▶ What this task involves
Only the text should be kept: print every entry below exactly and leave each image out.

▶ Data provided
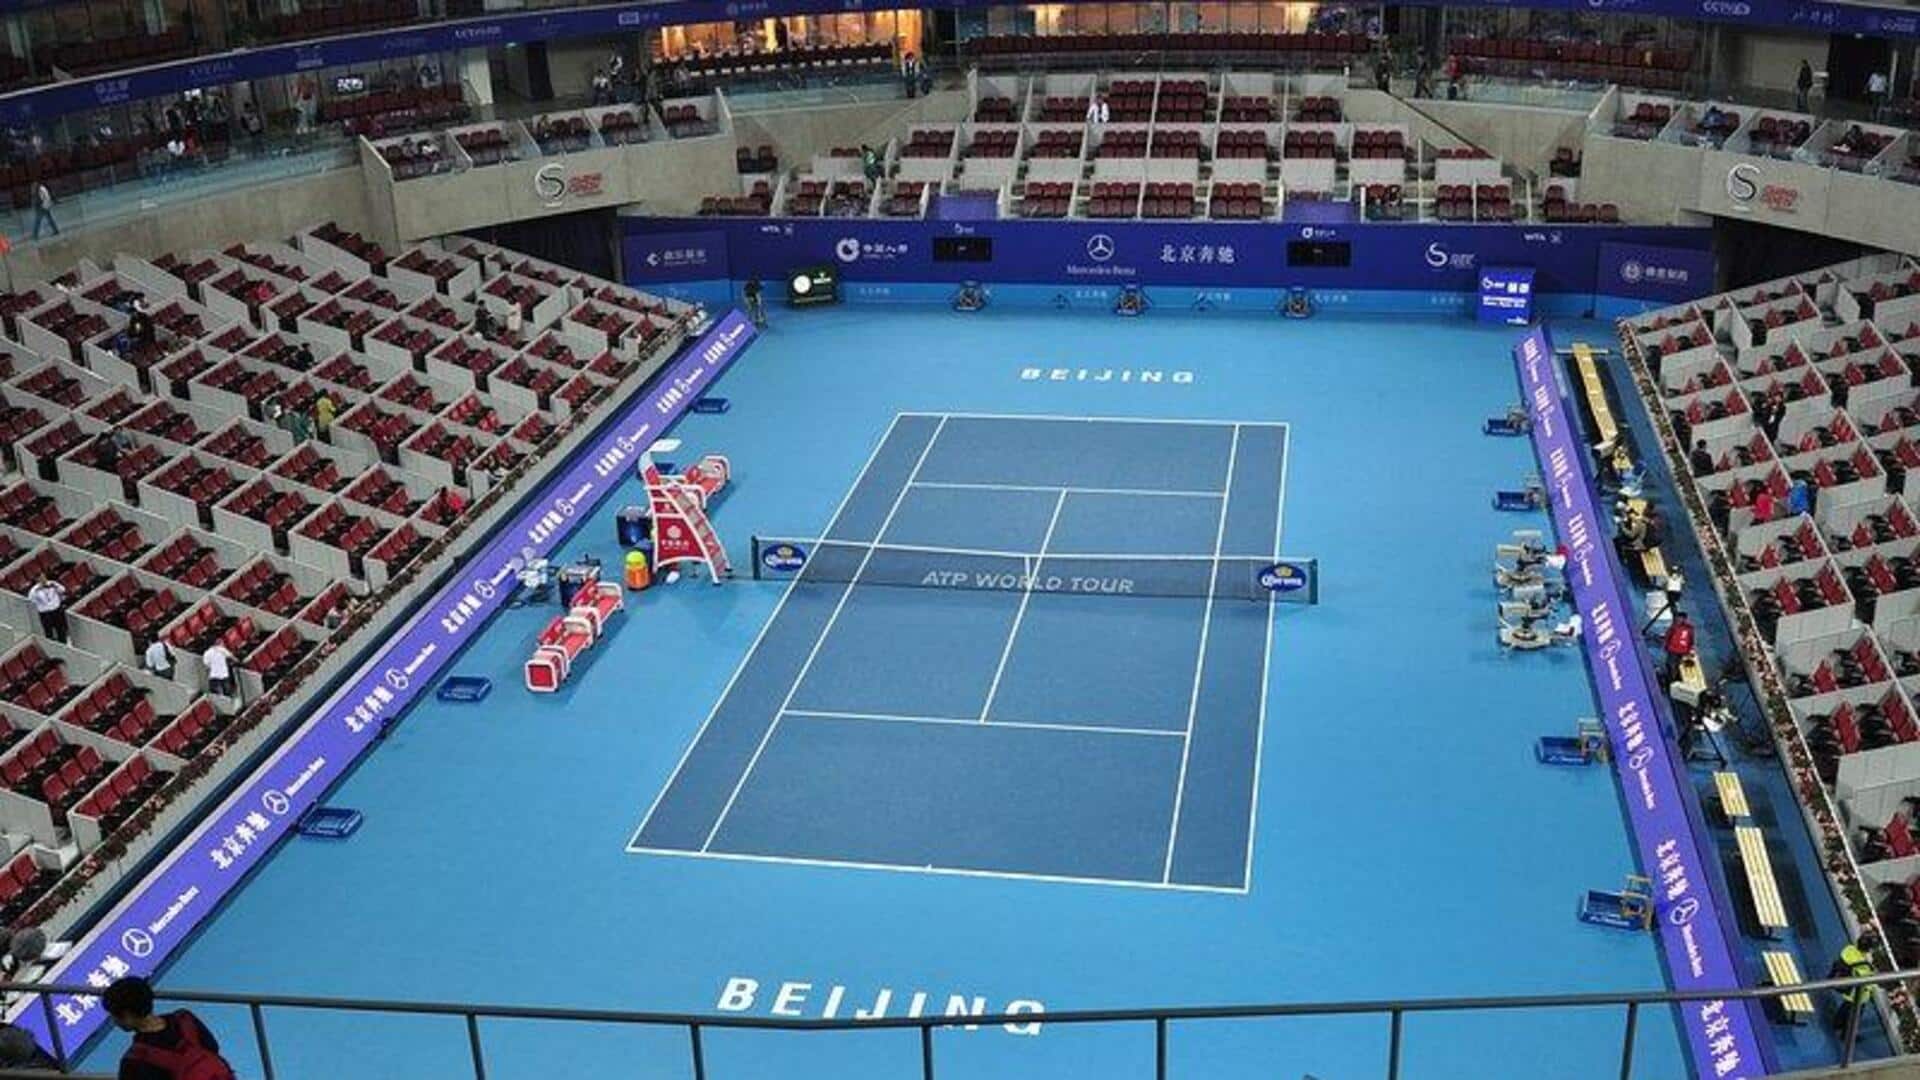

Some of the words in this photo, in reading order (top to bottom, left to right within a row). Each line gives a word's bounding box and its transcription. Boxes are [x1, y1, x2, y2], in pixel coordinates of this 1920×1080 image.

[1160, 244, 1235, 263] 北京奔驰
[1021, 368, 1194, 383] BEIJING
[921, 570, 968, 586] ATP
[974, 573, 1062, 591] WORLD
[1071, 577, 1134, 593] TOUR
[716, 977, 1046, 1035] BEIJING
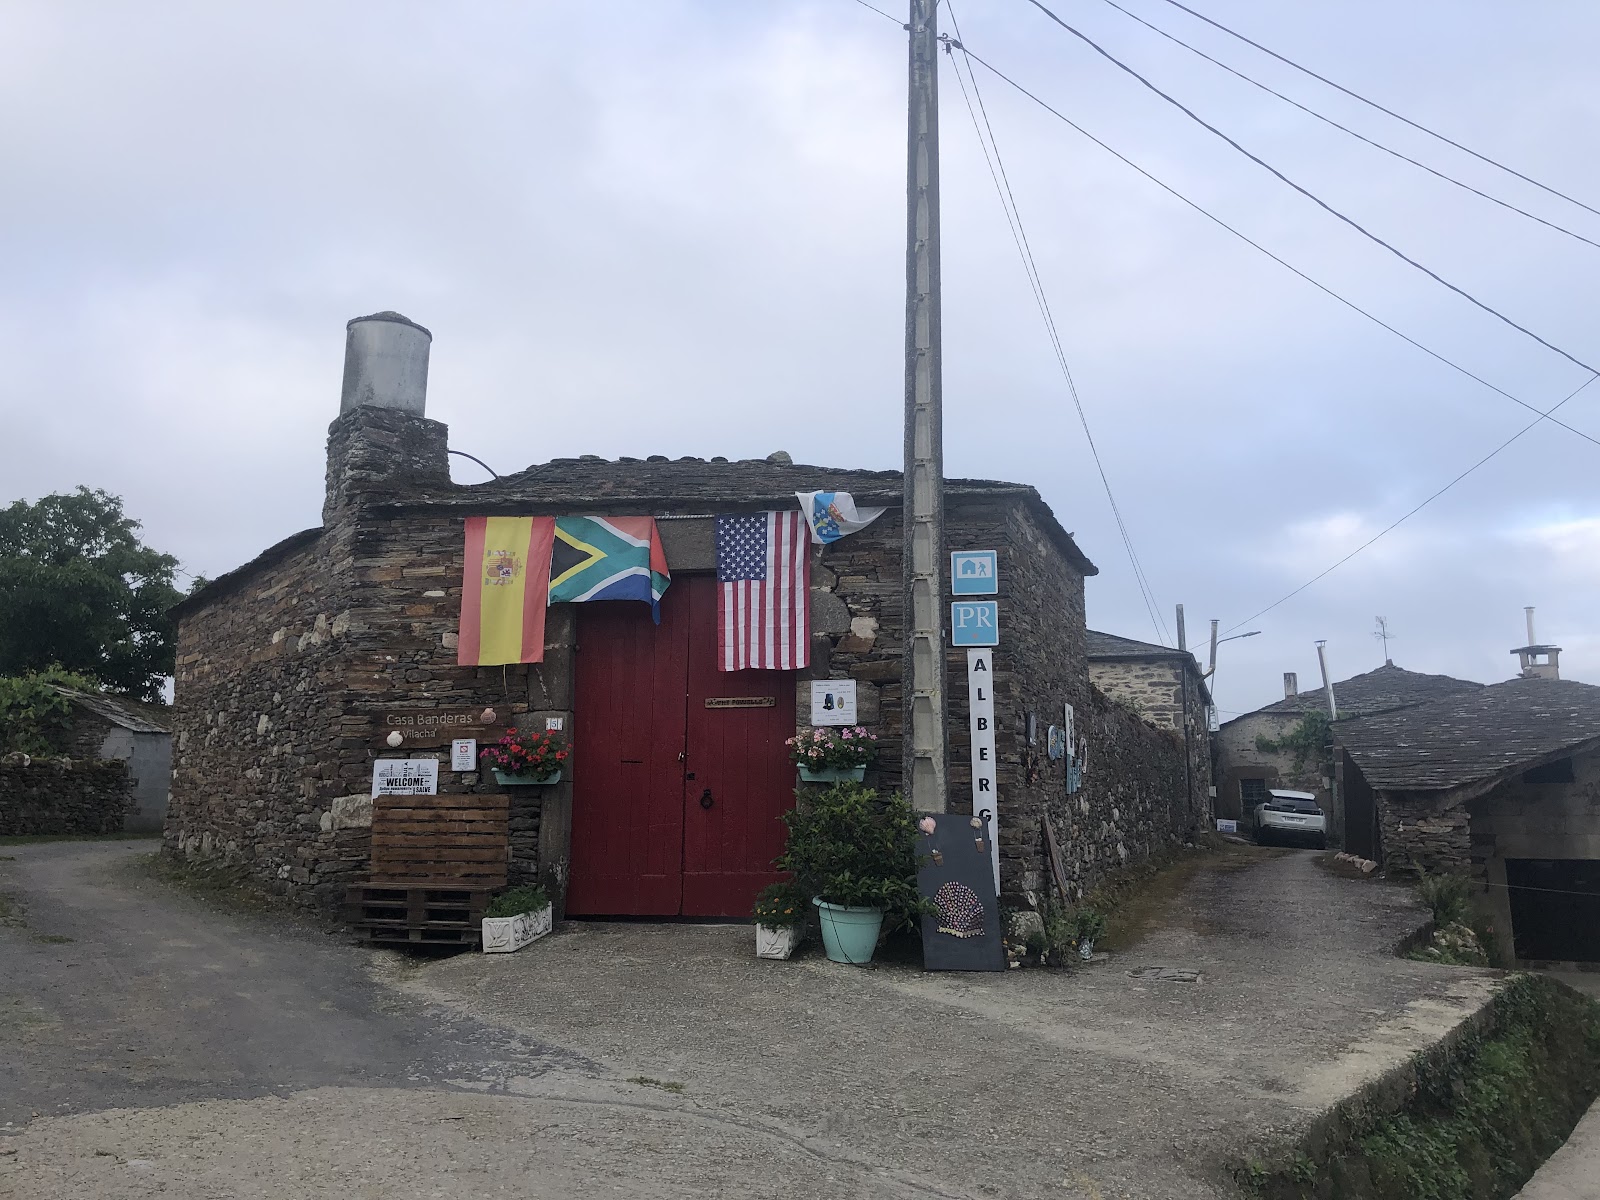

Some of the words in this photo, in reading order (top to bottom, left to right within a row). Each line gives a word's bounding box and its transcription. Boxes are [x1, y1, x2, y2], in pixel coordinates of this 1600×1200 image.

▶ Task output
Some of the words in this photo, in reading order (top to bottom, left to right within a row). Each line gives a word's bounding box and its transcription. Boxes are [x1, y1, x2, y2], in pixel coordinates of this 1920×1080 image.

[1160, 244, 1235, 263] 北京奔驰
[1021, 368, 1194, 383] BEIJING
[921, 570, 968, 586] ATP
[974, 573, 1062, 591] WORLD
[1071, 577, 1134, 593] TOUR
[716, 977, 1046, 1035] BEIJING

Some of the words in this photo, in reading order (top to bottom, left to right within a row). Each line gives a word's bounding box and its transcription. Boxes are [x1, y1, x2, y2], in pixel coordinates of this 1600×1200 image.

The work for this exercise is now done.